THE TASK: Copy nothing but the text: reproduce each line of the listing exactly and leave the pictures out.

──────── TASK MATERIAL ────────

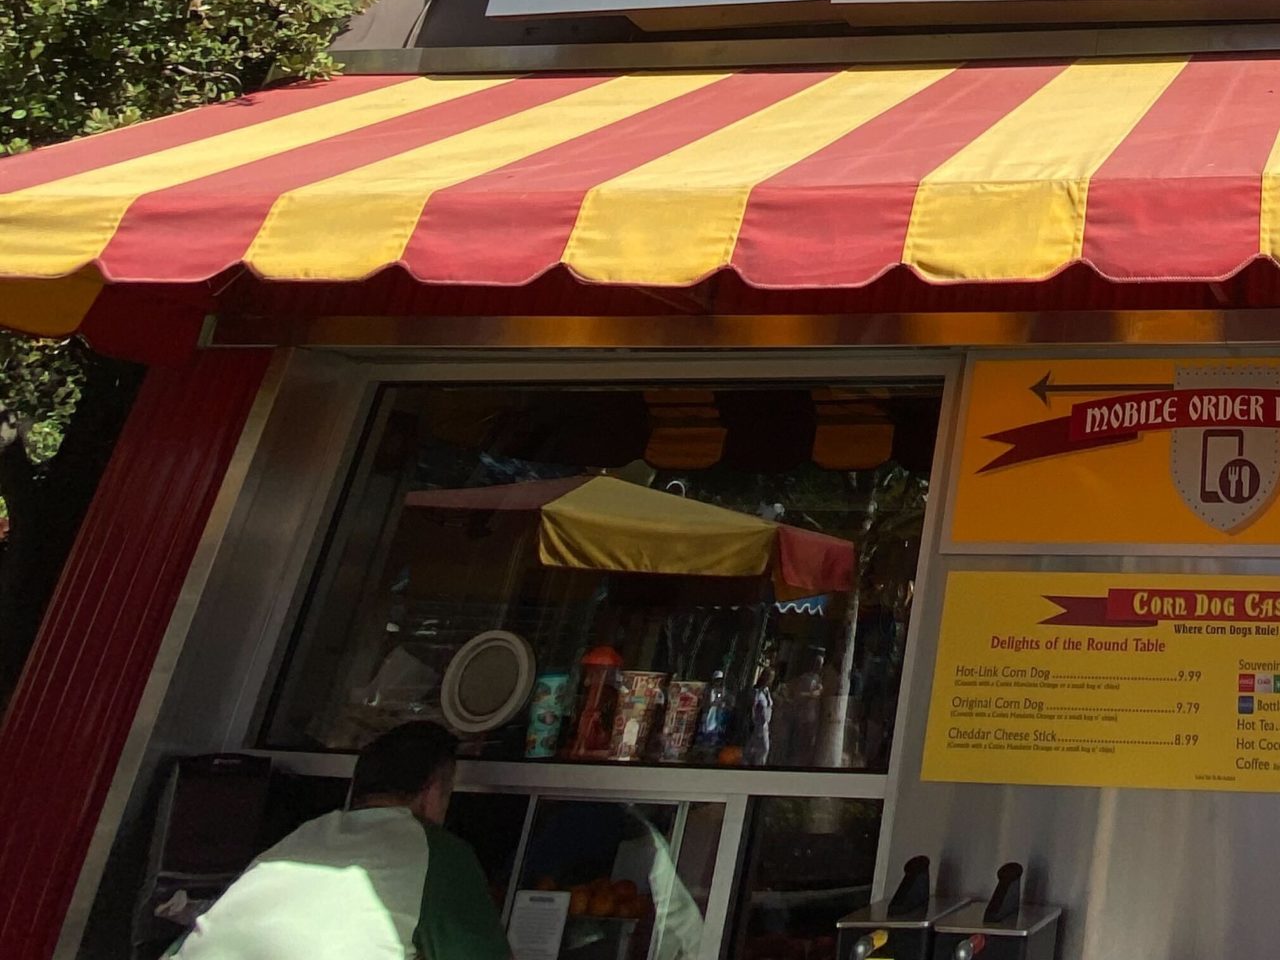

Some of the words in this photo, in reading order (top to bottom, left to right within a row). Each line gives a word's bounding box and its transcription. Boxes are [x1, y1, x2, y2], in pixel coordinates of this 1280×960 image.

[1086, 395, 1177, 433] MOBILE
[1188, 393, 1264, 423] ORDER
[1174, 624, 1203, 635] Where
[1205, 625, 1227, 636] Corn
[1229, 625, 1253, 638] Dogs
[1254, 625, 1280, 637] Rule!
[990, 635, 1041, 652] Delights
[1045, 637, 1060, 651] of
[1062, 637, 1082, 652] the
[1087, 638, 1128, 653] Round
[1133, 638, 1166, 653] Table
[1238, 659, 1280, 672] Souvenir
[955, 665, 999, 678] Hot-Link
[1001, 666, 1027, 678] Corn
[1030, 666, 1051, 681] Dog
[1177, 670, 1202, 682] 9.99
[952, 695, 992, 710] Original
[994, 697, 1020, 710] Corn
[1023, 697, 1044, 712] Dog
[1176, 702, 1200, 714] 9.79
[1236, 719, 1256, 731] Hot
[1259, 719, 1275, 732] Tea
[948, 727, 991, 741] Cheddar
[994, 728, 1031, 741] Cheese
[1033, 729, 1057, 742] Stick
[1174, 734, 1199, 746] 8.99
[1236, 738, 1256, 751] Hot
[1235, 757, 1270, 771] Coffee
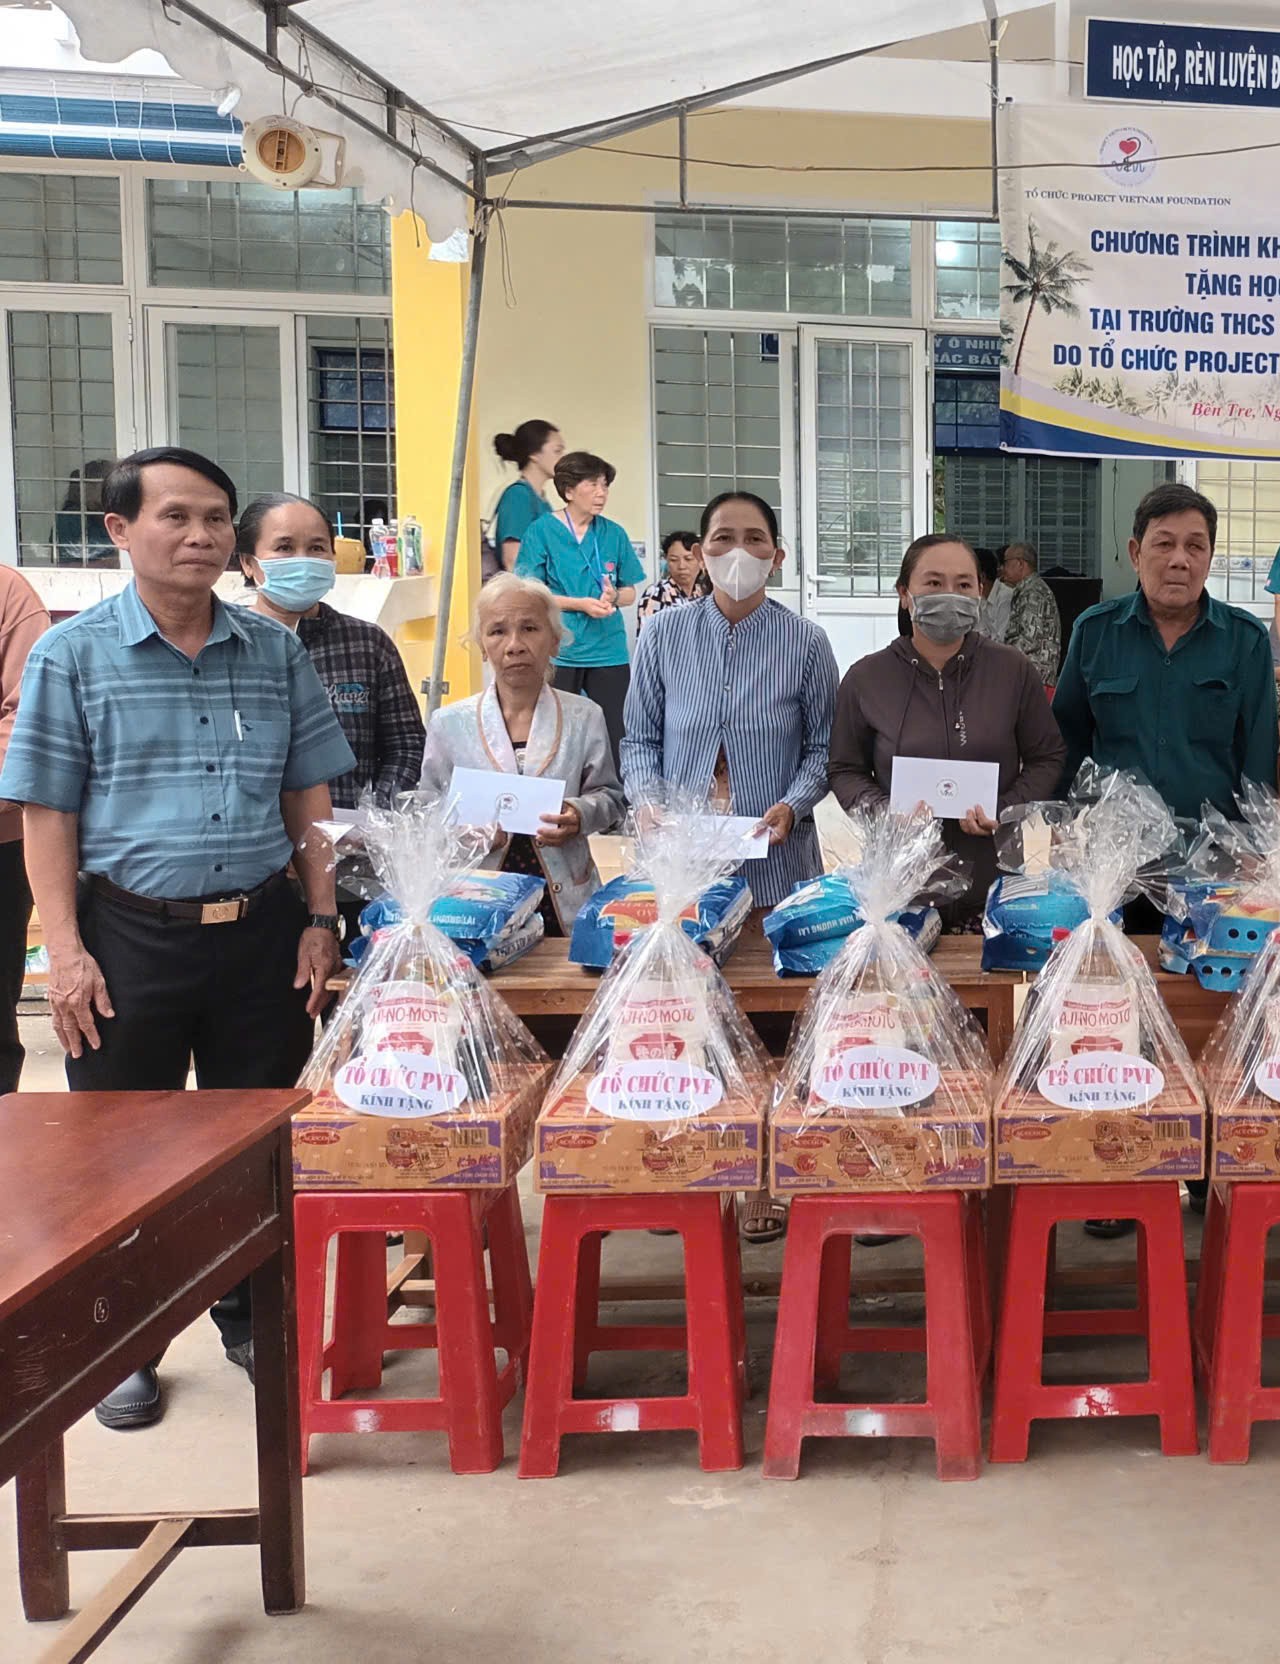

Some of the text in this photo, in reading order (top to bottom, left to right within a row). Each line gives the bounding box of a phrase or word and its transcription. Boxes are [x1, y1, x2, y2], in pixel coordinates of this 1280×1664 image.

[1113, 45, 1143, 88] HỌC
[1148, 41, 1179, 91] TẬP,
[1185, 42, 1215, 85] RÈN
[1220, 45, 1267, 95] LUYỆN
[1025, 187, 1231, 206] TỔ CHỨC PROJECT VIETNAM FOUNDATION
[1091, 229, 1179, 256] CHƯƠNG
[1187, 231, 1249, 257] TRÌNH
[1186, 269, 1241, 300] TẶNG
[1090, 308, 1120, 335] TẠI
[1129, 306, 1213, 334] TRƯỜNG
[1221, 313, 1274, 335] THCS
[1054, 345, 1081, 365] DO
[1089, 339, 1115, 368] TỔ
[1122, 344, 1177, 371] CHỨC
[1185, 350, 1280, 375] PROJECT
[1228, 404, 1256, 419] Tre,
[343, 1057, 367, 1085] TỔ
[421, 1072, 459, 1092] PVF
[600, 1068, 715, 1095] TỔ CHỨC PVF
[823, 1055, 931, 1082] TỔ CHỨC PVF
[1046, 1060, 1154, 1086] TỔ CHỨC PVF
[360, 1094, 432, 1111] KÍNH TẶNG
[656, 1099, 690, 1111] TẶNG
[880, 1087, 911, 1099] TẶNG
[1069, 1090, 1136, 1104] KÍNH TẶNG
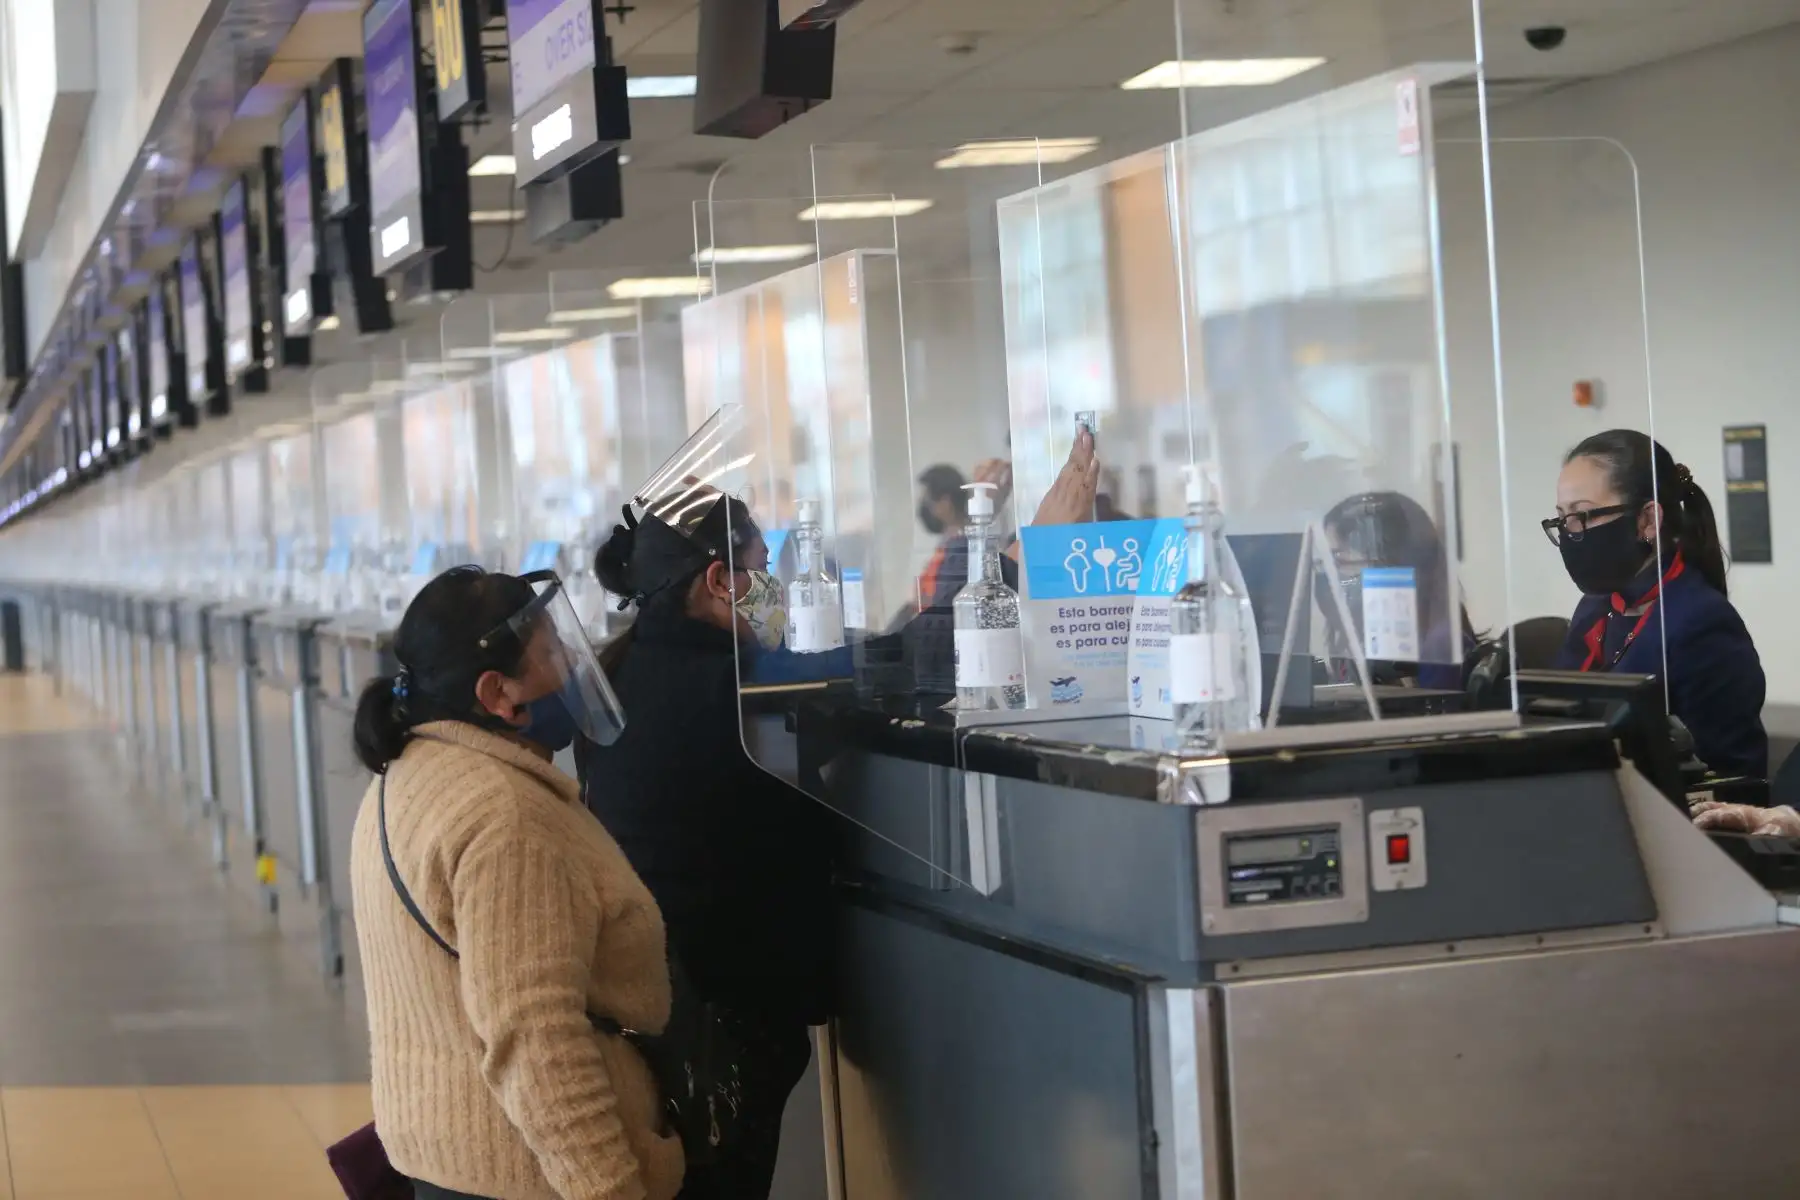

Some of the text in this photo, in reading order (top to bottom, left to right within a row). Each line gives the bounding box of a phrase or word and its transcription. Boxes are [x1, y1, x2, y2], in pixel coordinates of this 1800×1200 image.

────────

TASK OUTPUT:
Some of the words in this photo, in reading order (top to bottom, left to right within a row). Each line gives a word's bounding box and its transcription. Boxes are [x1, y1, x2, y2], in pixel coordinates of this 1280×960 image.

[1086, 395, 1177, 433] MOBILE
[1188, 393, 1264, 423] ORDER
[1174, 624, 1203, 635] Where
[1205, 625, 1227, 636] Corn
[1229, 625, 1253, 638] Dogs
[1254, 625, 1280, 637] Rule!
[990, 635, 1041, 652] Delights
[1045, 637, 1060, 651] of
[1062, 637, 1082, 652] the
[1087, 638, 1128, 653] Round
[1133, 638, 1166, 653] Table
[1238, 659, 1280, 672] Souvenir
[955, 665, 999, 678] Hot-Link
[1001, 666, 1027, 678] Corn
[1030, 666, 1051, 681] Dog
[1177, 670, 1202, 682] 9.99
[952, 695, 992, 710] Original
[994, 697, 1020, 710] Corn
[1023, 697, 1044, 712] Dog
[1176, 702, 1200, 714] 9.79
[1236, 719, 1256, 731] Hot
[1259, 719, 1275, 732] Tea
[948, 727, 991, 741] Cheddar
[994, 728, 1031, 741] Cheese
[1033, 729, 1057, 742] Stick
[1174, 734, 1199, 746] 8.99
[1236, 738, 1256, 751] Hot
[1235, 757, 1270, 771] Coffee

Some of the text in this photo, in reading order (top to bottom, left to right within a row). Each line gives the bounding box of a phrase or word and its transcription. Boxes are [x1, y1, x2, y2], in pixel coordinates of this 1280×1664 image.

[1113, 45, 1143, 88] HỌC
[1148, 41, 1179, 91] TẬP,
[1185, 42, 1215, 85] RÈN
[1220, 45, 1267, 95] LUYỆN
[1025, 187, 1231, 206] TỔ CHỨC PROJECT VIETNAM FOUNDATION
[1091, 229, 1179, 256] CHƯƠNG
[1187, 231, 1249, 257] TRÌNH
[1186, 269, 1241, 300] TẶNG
[1090, 308, 1120, 335] TẠI
[1129, 306, 1213, 334] TRƯỜNG
[1221, 313, 1274, 335] THCS
[1054, 345, 1081, 365] DO
[1089, 339, 1115, 368] TỔ
[1122, 344, 1177, 371] CHỨC
[1185, 350, 1280, 375] PROJECT
[1228, 404, 1256, 419] Tre,
[343, 1057, 367, 1085] TỔ
[421, 1072, 459, 1092] PVF
[600, 1068, 715, 1095] TỔ CHỨC PVF
[823, 1055, 931, 1082] TỔ CHỨC PVF
[1046, 1060, 1154, 1086] TỔ CHỨC PVF
[360, 1094, 432, 1111] KÍNH TẶNG
[656, 1099, 690, 1111] TẶNG
[880, 1087, 911, 1099] TẶNG
[1069, 1090, 1136, 1104] KÍNH TẶNG

Some of the text in this photo, in reading order (top to bottom, left to right within a row). Each line gives the bounding box of a phrase or word and its transcription. Boxes are [x1, y1, x2, y2], in pixel coordinates of this 1800×1200 image.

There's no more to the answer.